Nobody can tell you how to do it. You have to keep putting effort into trying to know the self, trying to find the truth, trying to observe the observer until all the tumblers fall into place and the lock opens.
The progression in my case went like this: I began implementing Richard Rose's teaching, as outlined in his Psychology of the Observer and other writings with the advantage of personal interaction with him beginning in 1978. The objective was to define the self by using the following approach or paradigm: The dividing line between inside/outside is the line between viewer/viewed, and anything in the view is outside the self. By this method I eventually pared down my self-definition to that of a featureless separate observer or awareness.

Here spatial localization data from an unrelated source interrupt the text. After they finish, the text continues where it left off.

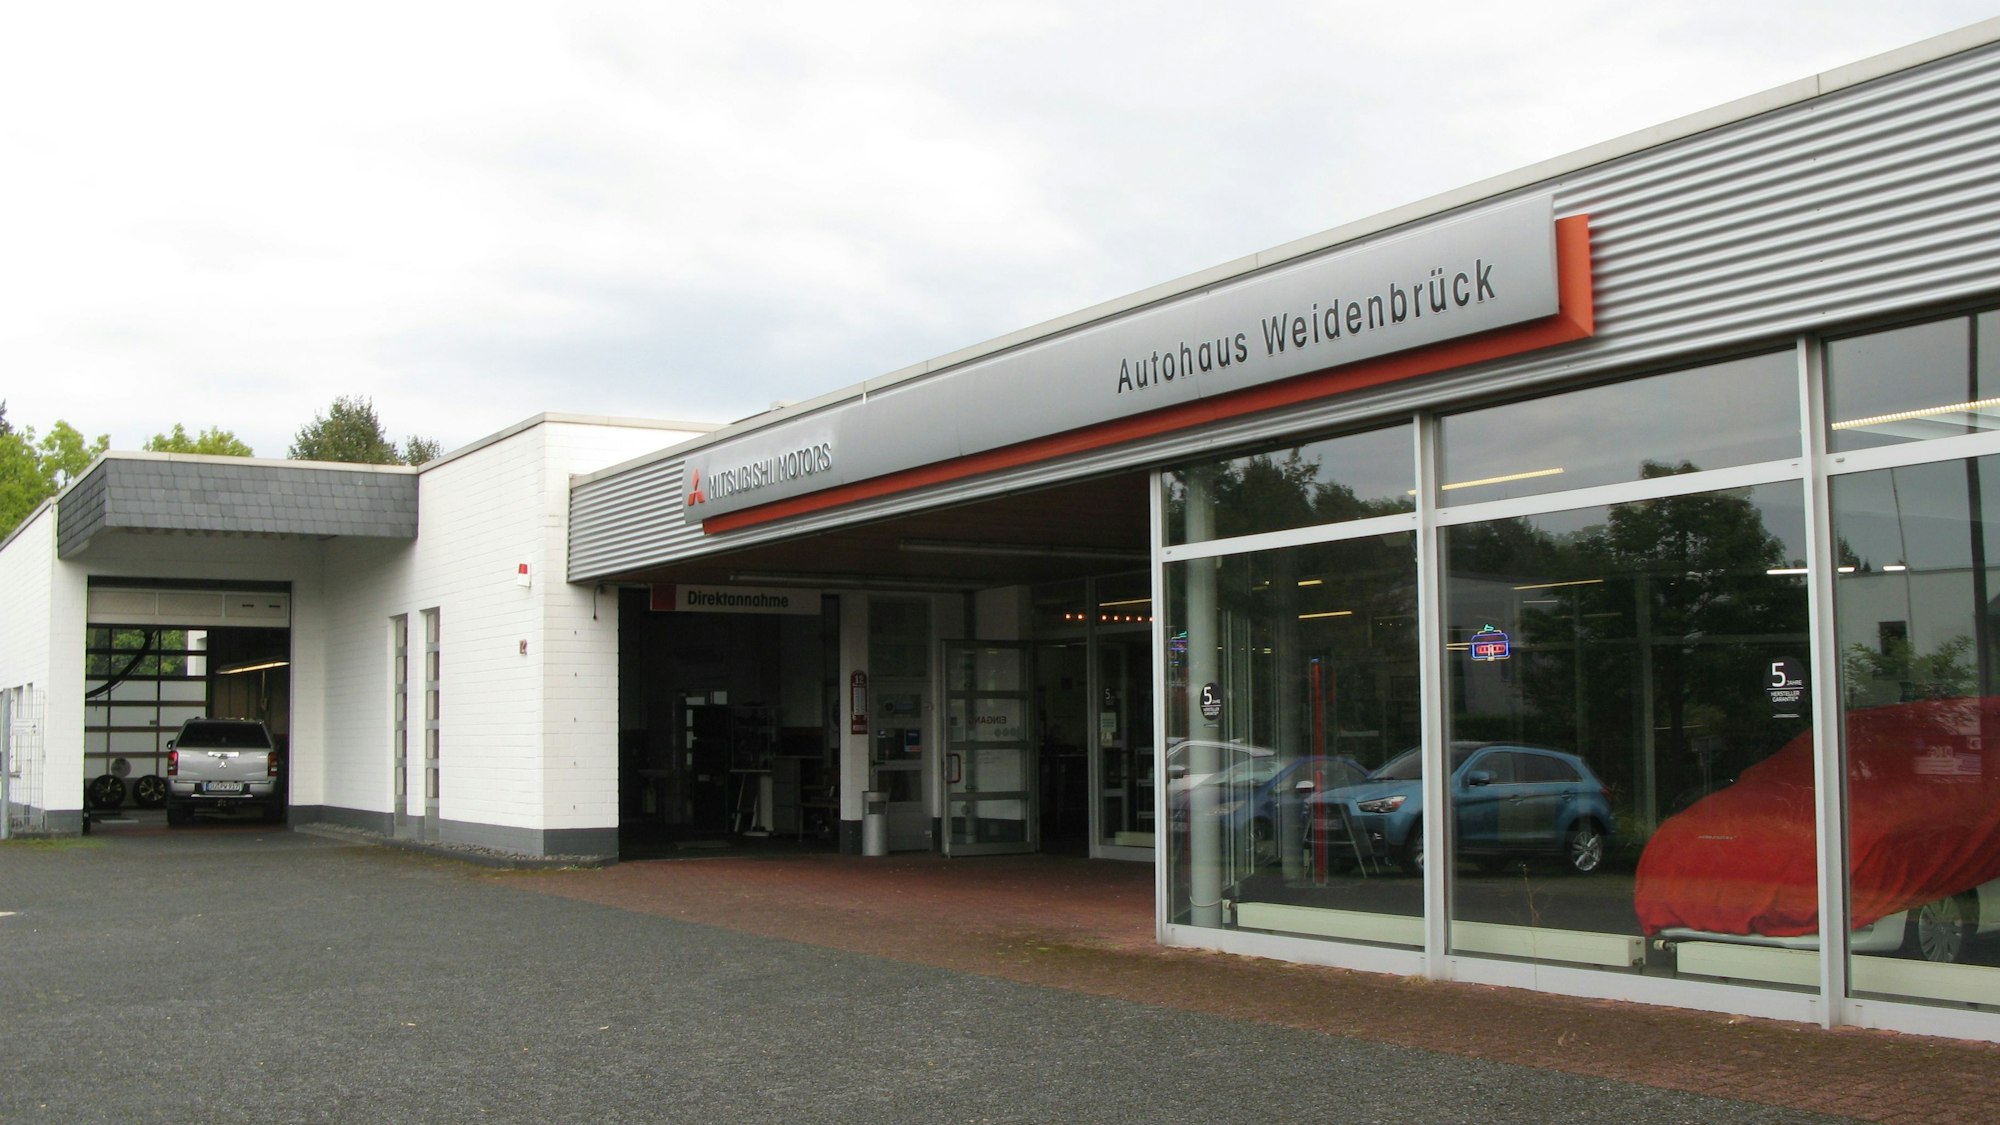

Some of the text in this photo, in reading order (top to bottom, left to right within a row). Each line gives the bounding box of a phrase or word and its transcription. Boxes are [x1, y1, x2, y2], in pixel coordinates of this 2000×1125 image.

[1117, 259, 1496, 394] Autohaus Weidenbrück
[708, 443, 832, 500] MITSUBISHI MOTORS
[687, 590, 789, 609] Direktannahme
[1772, 662, 1786, 687] 5
[1203, 686, 1212, 704] 5

I visited Harding again in February 2004 and bought his Little Book of Life and Death when I returned home. When I read the Prologue, it brought on the desire to get more serious than ever before. I hoped the feeling would hold until a solitary retreat I was planning for May.

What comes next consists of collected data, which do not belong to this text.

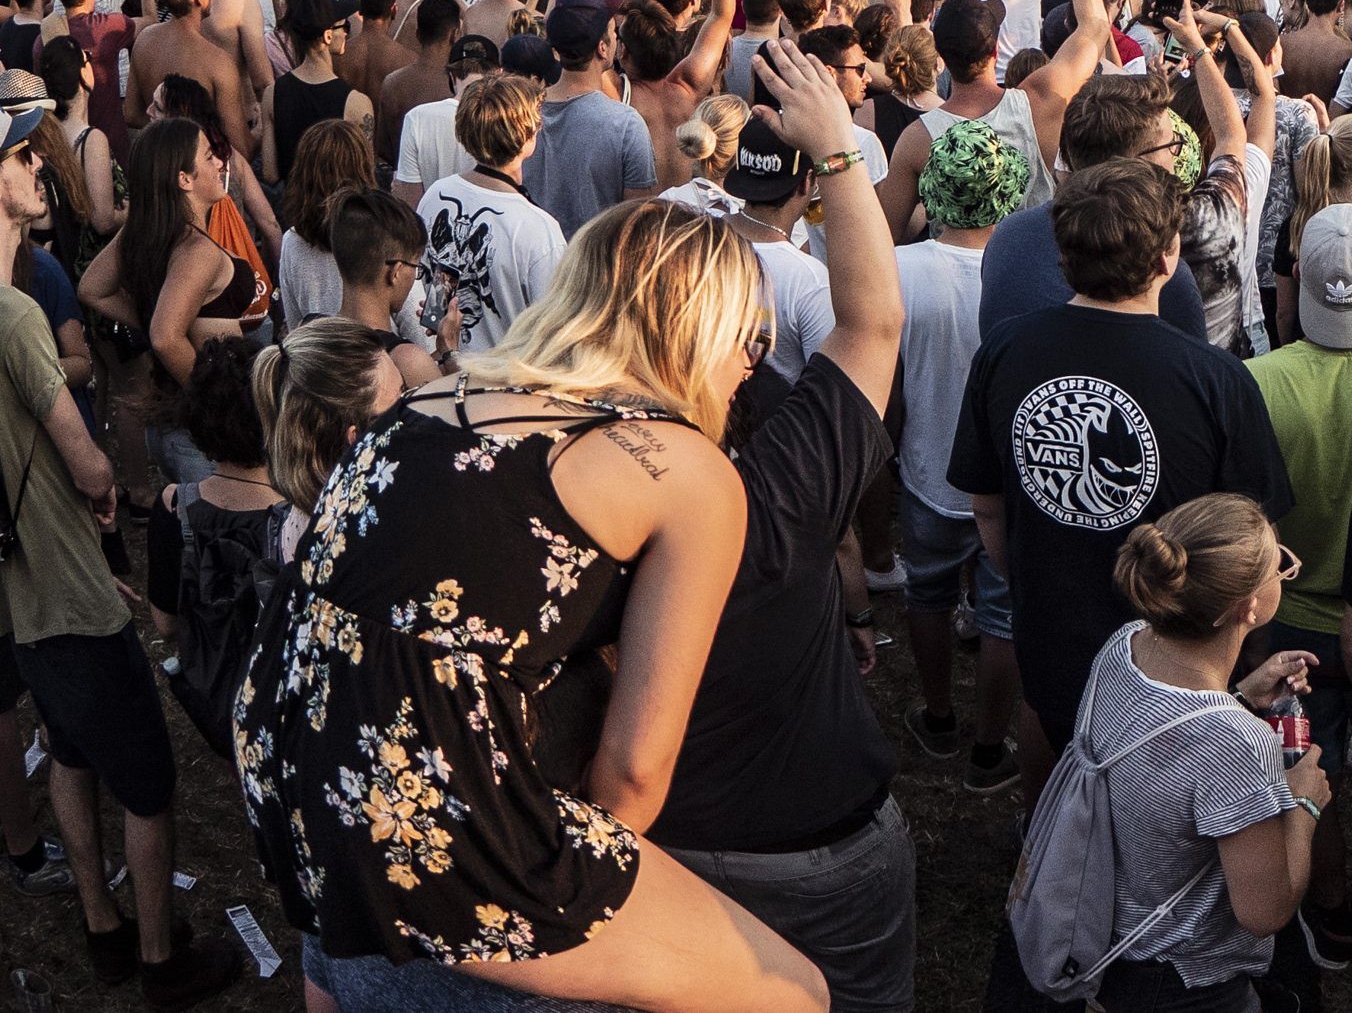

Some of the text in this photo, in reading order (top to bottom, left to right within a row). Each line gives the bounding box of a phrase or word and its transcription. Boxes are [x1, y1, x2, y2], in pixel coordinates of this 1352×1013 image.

[1024, 379, 1143, 425] VANS OFF THE WALL
[1015, 415, 1026, 435] LIT
[1026, 442, 1080, 468] VANS
[1140, 431, 1157, 493] SPITFIRE
[1076, 517, 1099, 528] THE
[1100, 492, 1149, 528] KEEPING

On the last day of that May retreat, a Sunday, it had been overcast most of the day, but the sun came out late in the afternoon, raising my hope that I could see the sunset over Lake Erie which I had left as a treat for the last night.
That evening I noted in my journal that Sunday had been an unplanned transition day from the relaxed but intense
At 9 PM I journaled the following:
When I attempt to look, the question: "What am I looking out from?" pops into my head, and that seems to be the "open sesame."
*
Previous satoris or discontinuities had always felt as if there was farther to go but that the mind was somehow not ready.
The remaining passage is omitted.